Namely, because Turing machines have no “syntax” to speak of, but only graph structure,
we immediately start seeing interesting behavior even with machines of only 3, 4, or 5 states,
which are feasible to enumerate.
And there’s a second advantage. Precisely because the Turing machine model is so ancient and fixed,
whatever emergent behavior we find in the Busy Beaver game, there can be no suspicion that
we “cheated” by changing the model until we got the results we wanted.
In short, the Busy Beaver game seems like about as good a yardstick as any for gauging humanity’s
progress against the uncomputable
The claimed “massive advantage” of TMs do not hold over the λ-calculus.
First, the number of uniquely behaving TMs with “only” 5 states is 4^10 * 632700 = 663434035200 , which is more than the number of closed lambda terms of size at most 52 bits (513217604750), which exhibit as much if not more interesting behaviour.
Second, the λ-calculus is more ancient (by just a few years) and more fixed (no choice of tape alphabet size, or number of tapes), leaving no suspicion either.
BBλ’s use of bits, the standard unit of information theory, therefore make it the prefered yardstick for exploring the limits of computation.
A Universal Busy Beaver
Is BBλ then an ideal Busy Beaver function (apart from a historical lack of study)? Not quite. It’s still lacking one desirable property, namely universality.
This property mirrors a notion of optimality for shortest description lengths, where it’s known as the Invariance theorem:
Given any description language L, the optimal description language is at least as efficient as L, with some constant overhead.

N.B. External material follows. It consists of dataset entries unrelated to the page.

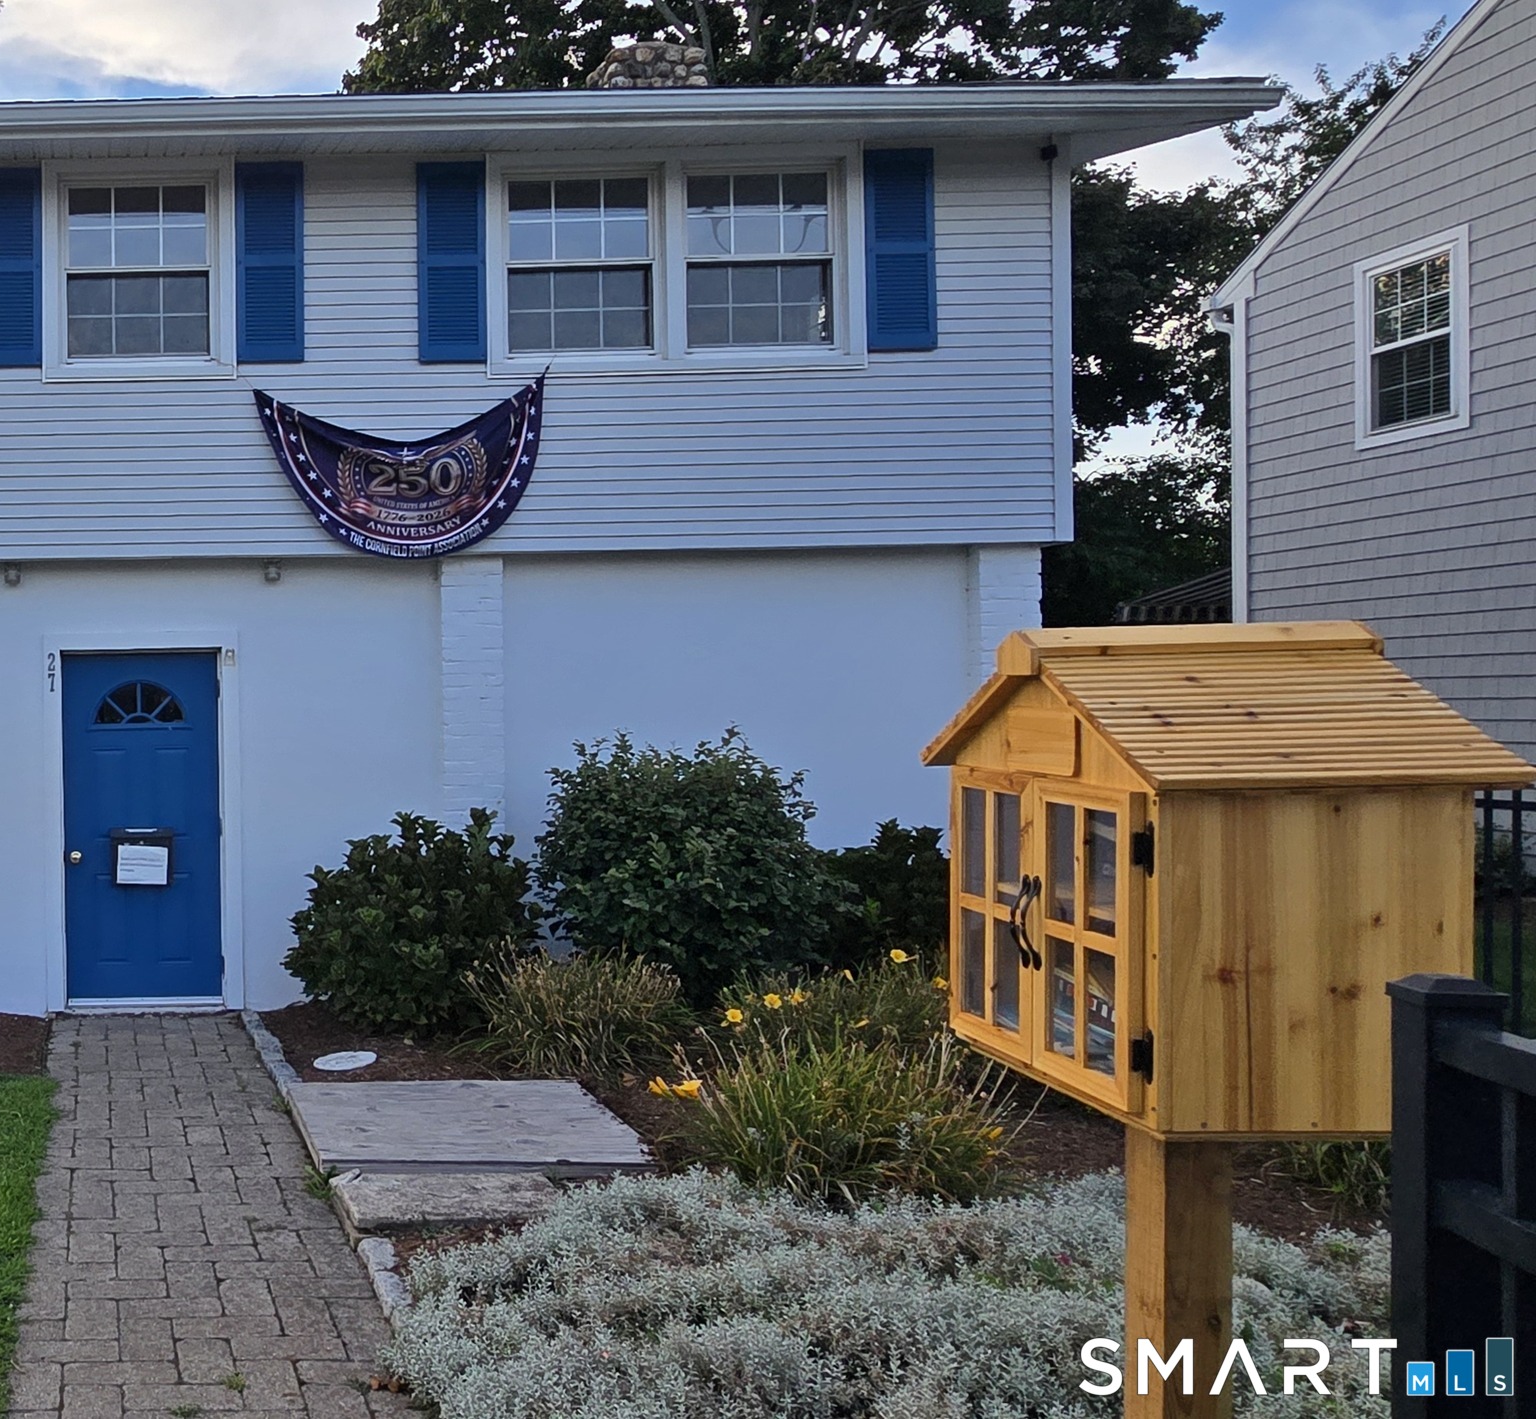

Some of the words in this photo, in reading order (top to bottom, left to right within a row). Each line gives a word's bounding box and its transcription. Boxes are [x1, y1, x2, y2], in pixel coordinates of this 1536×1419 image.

[366, 457, 462, 497] 250
[349, 531, 365, 548] THE
[365, 540, 408, 557] CORNFIELD
[409, 544, 433, 558] POINT
[433, 523, 483, 554] ASSOCIATION
[367, 515, 461, 537] ANNIVERSARY

In the realm of beavers, this means that given any Busy Beaver function BB (based on self-delimiting programs), an optimal Busy Beaver surpasses it with at most constant lag:
for some constant c depending on BB, and for all n: BBopt(n+c) ≥ BB(n)
While BBλ is not universal, it’s not far from one either. By giving λ-calculus terms access to pure binary data, as in the Binary Lambda Calculus, function BBλ2 achieves universality while lagging only 2 bits behind BBλ (still leaving room for w218 in under 64 bits). It’s known to eventually outgrow the latter, but that could take thousands of bits.